* Task details
What is needed is the full set of records, word for word, with no pictures.

* Available data
--------------------------------
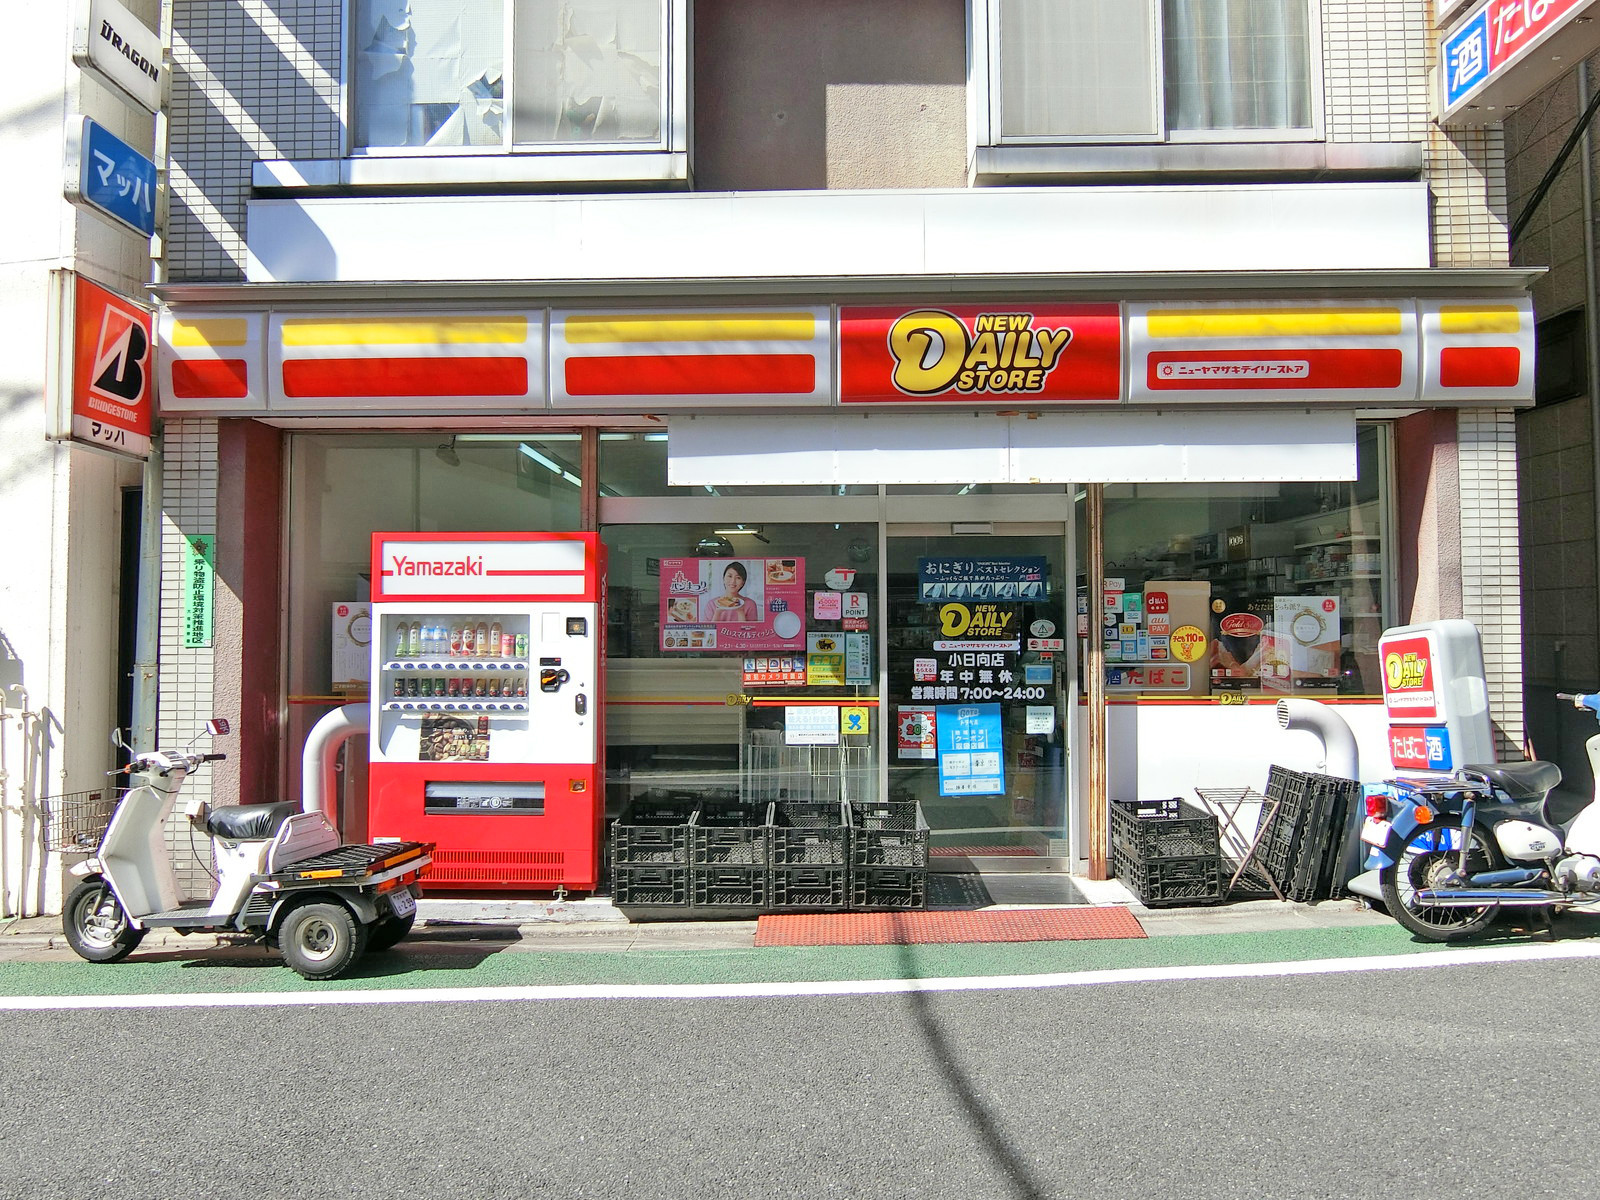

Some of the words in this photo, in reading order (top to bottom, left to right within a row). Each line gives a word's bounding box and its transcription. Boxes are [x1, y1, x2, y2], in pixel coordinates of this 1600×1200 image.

[100, 19, 159, 83] DRAGON
[1450, 27, 1482, 92] 酒
[93, 149, 151, 213] マッハ
[977, 314, 1030, 333] NEW
[890, 309, 1071, 393] DAILY
[957, 369, 1044, 390] STORE
[1178, 364, 1304, 375] ニューヤマザキデイリーストア
[88, 396, 138, 423] BRIDGESTONE
[91, 422, 125, 445] マッハ
[392, 556, 483, 576] Yamazaki
[925, 562, 974, 574] おにぎり
[976, 565, 1041, 574] ベストセレクション
[939, 603, 1013, 636] DAILY
[967, 628, 1002, 636] STORE
[948, 653, 1004, 667] 小日向店
[1404, 653, 1417, 663] NEW
[1127, 669, 1185, 685] たばこ
[1385, 653, 1427, 689] DAILY
[1402, 677, 1422, 688] STORE
[911, 687, 958, 699] 営業時間
[1391, 735, 1426, 759] たばこ
[1426, 736, 1443, 761] 酒
--------------------------------
* Answer section
Some of the words in this photo, in reading order (top to bottom, left to right within a row). Each line gives a word's bounding box and its transcription. Boxes are [x1, y1, x2, y2], in pixel coordinates of this 1600×1200 image.

[100, 19, 159, 83] DRAGON
[1450, 27, 1482, 92] 酒
[93, 149, 151, 213] マッハ
[977, 314, 1030, 333] NEW
[890, 309, 1071, 393] DAILY
[957, 369, 1044, 390] STORE
[1178, 364, 1304, 375] ニューヤマザキデイリーストア
[88, 396, 138, 423] BRIDGESTONE
[91, 422, 125, 445] マッハ
[392, 556, 483, 576] Yamazaki
[925, 562, 974, 574] おにぎり
[976, 565, 1041, 574] ベストセレクション
[939, 603, 1013, 636] DAILY
[967, 628, 1002, 636] STORE
[948, 653, 1004, 667] 小日向店
[1404, 653, 1417, 663] NEW
[1127, 669, 1185, 685] たばこ
[1385, 653, 1427, 689] DAILY
[1402, 677, 1422, 688] STORE
[911, 687, 958, 699] 営業時間
[1391, 735, 1426, 759] たばこ
[1426, 736, 1443, 761] 酒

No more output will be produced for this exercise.